- Task prompt
The line containing "this 1224×1632 image." marks where copying starts, so set down that line and each one after it exactly, through the end of the records.

**** Records for the exercise

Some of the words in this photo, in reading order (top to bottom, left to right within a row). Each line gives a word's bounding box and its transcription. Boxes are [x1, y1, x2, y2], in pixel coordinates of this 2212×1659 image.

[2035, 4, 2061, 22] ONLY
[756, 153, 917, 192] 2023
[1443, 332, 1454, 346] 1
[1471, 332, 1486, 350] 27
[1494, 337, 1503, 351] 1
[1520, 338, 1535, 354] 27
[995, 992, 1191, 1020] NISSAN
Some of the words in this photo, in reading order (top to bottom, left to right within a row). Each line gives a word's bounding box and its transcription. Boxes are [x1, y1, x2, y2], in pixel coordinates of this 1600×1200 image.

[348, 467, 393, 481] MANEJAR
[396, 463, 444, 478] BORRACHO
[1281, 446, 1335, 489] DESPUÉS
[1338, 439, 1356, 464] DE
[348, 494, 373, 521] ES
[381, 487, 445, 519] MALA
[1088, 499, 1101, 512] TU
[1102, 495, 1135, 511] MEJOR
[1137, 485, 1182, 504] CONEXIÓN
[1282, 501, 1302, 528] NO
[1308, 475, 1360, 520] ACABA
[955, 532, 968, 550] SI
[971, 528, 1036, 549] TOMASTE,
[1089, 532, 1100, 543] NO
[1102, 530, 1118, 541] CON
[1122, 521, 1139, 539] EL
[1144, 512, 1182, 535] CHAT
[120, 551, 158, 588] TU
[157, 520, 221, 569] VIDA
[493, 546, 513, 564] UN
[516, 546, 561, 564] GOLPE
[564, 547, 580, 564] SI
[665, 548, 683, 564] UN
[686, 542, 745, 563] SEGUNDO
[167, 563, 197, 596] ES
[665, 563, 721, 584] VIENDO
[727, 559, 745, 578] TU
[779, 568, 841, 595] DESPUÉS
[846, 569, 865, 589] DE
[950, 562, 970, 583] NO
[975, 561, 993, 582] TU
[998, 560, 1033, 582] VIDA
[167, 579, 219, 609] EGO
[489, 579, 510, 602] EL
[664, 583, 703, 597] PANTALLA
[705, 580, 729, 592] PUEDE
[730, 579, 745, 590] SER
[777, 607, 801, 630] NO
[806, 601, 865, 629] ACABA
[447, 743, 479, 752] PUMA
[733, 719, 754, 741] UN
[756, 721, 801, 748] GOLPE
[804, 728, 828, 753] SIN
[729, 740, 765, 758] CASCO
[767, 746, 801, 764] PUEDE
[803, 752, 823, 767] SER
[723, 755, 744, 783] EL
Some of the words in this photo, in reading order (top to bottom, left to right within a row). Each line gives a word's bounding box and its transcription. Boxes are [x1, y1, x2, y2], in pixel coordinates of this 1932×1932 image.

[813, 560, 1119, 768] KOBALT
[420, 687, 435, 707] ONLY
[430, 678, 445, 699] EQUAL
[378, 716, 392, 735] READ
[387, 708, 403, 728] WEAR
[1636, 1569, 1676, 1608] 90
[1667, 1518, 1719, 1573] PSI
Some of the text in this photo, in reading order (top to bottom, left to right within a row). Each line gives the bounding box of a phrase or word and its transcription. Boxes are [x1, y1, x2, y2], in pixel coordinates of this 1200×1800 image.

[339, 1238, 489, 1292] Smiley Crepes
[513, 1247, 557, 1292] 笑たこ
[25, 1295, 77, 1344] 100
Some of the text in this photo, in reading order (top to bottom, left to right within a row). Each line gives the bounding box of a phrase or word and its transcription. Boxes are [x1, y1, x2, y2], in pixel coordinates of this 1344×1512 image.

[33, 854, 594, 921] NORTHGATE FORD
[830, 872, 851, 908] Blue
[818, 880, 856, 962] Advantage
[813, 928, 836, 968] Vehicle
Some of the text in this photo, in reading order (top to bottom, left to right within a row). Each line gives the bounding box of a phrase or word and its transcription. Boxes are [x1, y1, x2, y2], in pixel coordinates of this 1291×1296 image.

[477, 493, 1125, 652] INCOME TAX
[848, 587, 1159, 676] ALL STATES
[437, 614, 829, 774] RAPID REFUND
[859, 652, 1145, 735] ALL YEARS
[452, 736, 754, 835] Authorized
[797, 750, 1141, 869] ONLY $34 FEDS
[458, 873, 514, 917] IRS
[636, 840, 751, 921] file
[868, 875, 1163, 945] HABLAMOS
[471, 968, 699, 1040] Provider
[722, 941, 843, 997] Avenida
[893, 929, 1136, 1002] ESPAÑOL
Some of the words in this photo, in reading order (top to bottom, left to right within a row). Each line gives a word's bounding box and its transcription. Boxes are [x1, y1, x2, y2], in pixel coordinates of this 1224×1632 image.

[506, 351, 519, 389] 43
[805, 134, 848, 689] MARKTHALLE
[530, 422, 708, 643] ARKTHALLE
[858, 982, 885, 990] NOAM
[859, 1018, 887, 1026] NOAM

********

- Reply to the task
Some of the words in this photo, in reading order (top to bottom, left to right within a row). Each line gives a word's bounding box and its transcription. Boxes are [x1, y1, x2, y2], in pixel coordinates of this 1224×1632 image.

[506, 351, 519, 389] 43
[805, 134, 848, 689] MARKTHALLE
[530, 422, 708, 643] ARKTHALLE
[858, 982, 885, 990] NOAM
[859, 1018, 887, 1026] NOAM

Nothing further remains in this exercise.